• TASK BRIEF: Return every entry in full, with no alterations.

• SUPPLIED RECORDS:
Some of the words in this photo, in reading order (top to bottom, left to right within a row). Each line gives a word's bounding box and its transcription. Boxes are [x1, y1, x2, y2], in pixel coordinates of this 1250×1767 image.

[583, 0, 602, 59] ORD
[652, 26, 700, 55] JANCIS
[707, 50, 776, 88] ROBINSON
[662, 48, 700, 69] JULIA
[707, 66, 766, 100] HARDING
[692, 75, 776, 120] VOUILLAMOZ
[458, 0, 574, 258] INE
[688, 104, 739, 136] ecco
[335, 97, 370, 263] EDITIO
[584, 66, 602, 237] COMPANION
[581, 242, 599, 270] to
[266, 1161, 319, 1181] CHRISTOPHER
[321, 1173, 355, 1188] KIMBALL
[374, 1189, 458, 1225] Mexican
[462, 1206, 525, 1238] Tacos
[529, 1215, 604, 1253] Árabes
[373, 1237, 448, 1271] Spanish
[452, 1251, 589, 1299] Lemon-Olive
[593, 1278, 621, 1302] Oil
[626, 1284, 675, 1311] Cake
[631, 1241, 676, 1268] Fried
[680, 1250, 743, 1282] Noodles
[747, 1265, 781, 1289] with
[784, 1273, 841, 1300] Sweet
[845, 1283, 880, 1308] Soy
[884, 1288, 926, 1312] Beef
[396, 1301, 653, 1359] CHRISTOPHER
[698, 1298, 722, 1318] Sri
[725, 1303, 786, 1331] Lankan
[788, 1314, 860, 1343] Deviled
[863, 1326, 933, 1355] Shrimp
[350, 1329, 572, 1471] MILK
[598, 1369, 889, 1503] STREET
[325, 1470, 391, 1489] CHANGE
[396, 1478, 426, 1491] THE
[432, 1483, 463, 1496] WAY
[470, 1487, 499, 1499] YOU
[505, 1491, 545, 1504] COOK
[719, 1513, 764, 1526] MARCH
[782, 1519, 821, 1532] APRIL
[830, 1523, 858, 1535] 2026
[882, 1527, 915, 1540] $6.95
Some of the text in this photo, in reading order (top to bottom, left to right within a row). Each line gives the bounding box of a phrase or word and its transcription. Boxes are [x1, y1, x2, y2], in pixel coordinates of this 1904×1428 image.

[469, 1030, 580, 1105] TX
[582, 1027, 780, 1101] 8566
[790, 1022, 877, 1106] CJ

• EXPECTED OUTPUT:
Some of the words in this photo, in reading order (top to bottom, left to right within a row). Each line gives a word's bounding box and its transcription. Boxes are [x1, y1, x2, y2], in pixel coordinates of this 1250×1767 image.

[583, 0, 602, 59] ORD
[652, 26, 700, 55] JANCIS
[707, 50, 776, 88] ROBINSON
[662, 48, 700, 69] JULIA
[707, 66, 766, 100] HARDING
[692, 75, 776, 120] VOUILLAMOZ
[458, 0, 574, 258] INE
[688, 104, 739, 136] ecco
[335, 97, 370, 263] EDITIO
[584, 66, 602, 237] COMPANION
[581, 242, 599, 270] to
[266, 1161, 319, 1181] CHRISTOPHER
[321, 1173, 355, 1188] KIMBALL
[374, 1189, 458, 1225] Mexican
[462, 1206, 525, 1238] Tacos
[529, 1215, 604, 1253] Árabes
[373, 1237, 448, 1271] Spanish
[452, 1251, 589, 1299] Lemon-Olive
[593, 1278, 621, 1302] Oil
[626, 1284, 675, 1311] Cake
[631, 1241, 676, 1268] Fried
[680, 1250, 743, 1282] Noodles
[747, 1265, 781, 1289] with
[784, 1273, 841, 1300] Sweet
[845, 1283, 880, 1308] Soy
[884, 1288, 926, 1312] Beef
[396, 1301, 653, 1359] CHRISTOPHER
[698, 1298, 722, 1318] Sri
[725, 1303, 786, 1331] Lankan
[788, 1314, 860, 1343] Deviled
[863, 1326, 933, 1355] Shrimp
[350, 1329, 572, 1471] MILK
[598, 1369, 889, 1503] STREET
[325, 1470, 391, 1489] CHANGE
[396, 1478, 426, 1491] THE
[432, 1483, 463, 1496] WAY
[470, 1487, 499, 1499] YOU
[505, 1491, 545, 1504] COOK
[719, 1513, 764, 1526] MARCH
[782, 1519, 821, 1532] APRIL
[830, 1523, 858, 1535] 2026
[882, 1527, 915, 1540] $6.95
Some of the text in this photo, in reading order (top to bottom, left to right within a row). Each line gives the bounding box of a phrase or word and its transcription. Boxes are [x1, y1, x2, y2], in pixel coordinates of this 1904×1428 image.

[469, 1030, 580, 1105] TX
[582, 1027, 780, 1101] 8566
[790, 1022, 877, 1106] CJ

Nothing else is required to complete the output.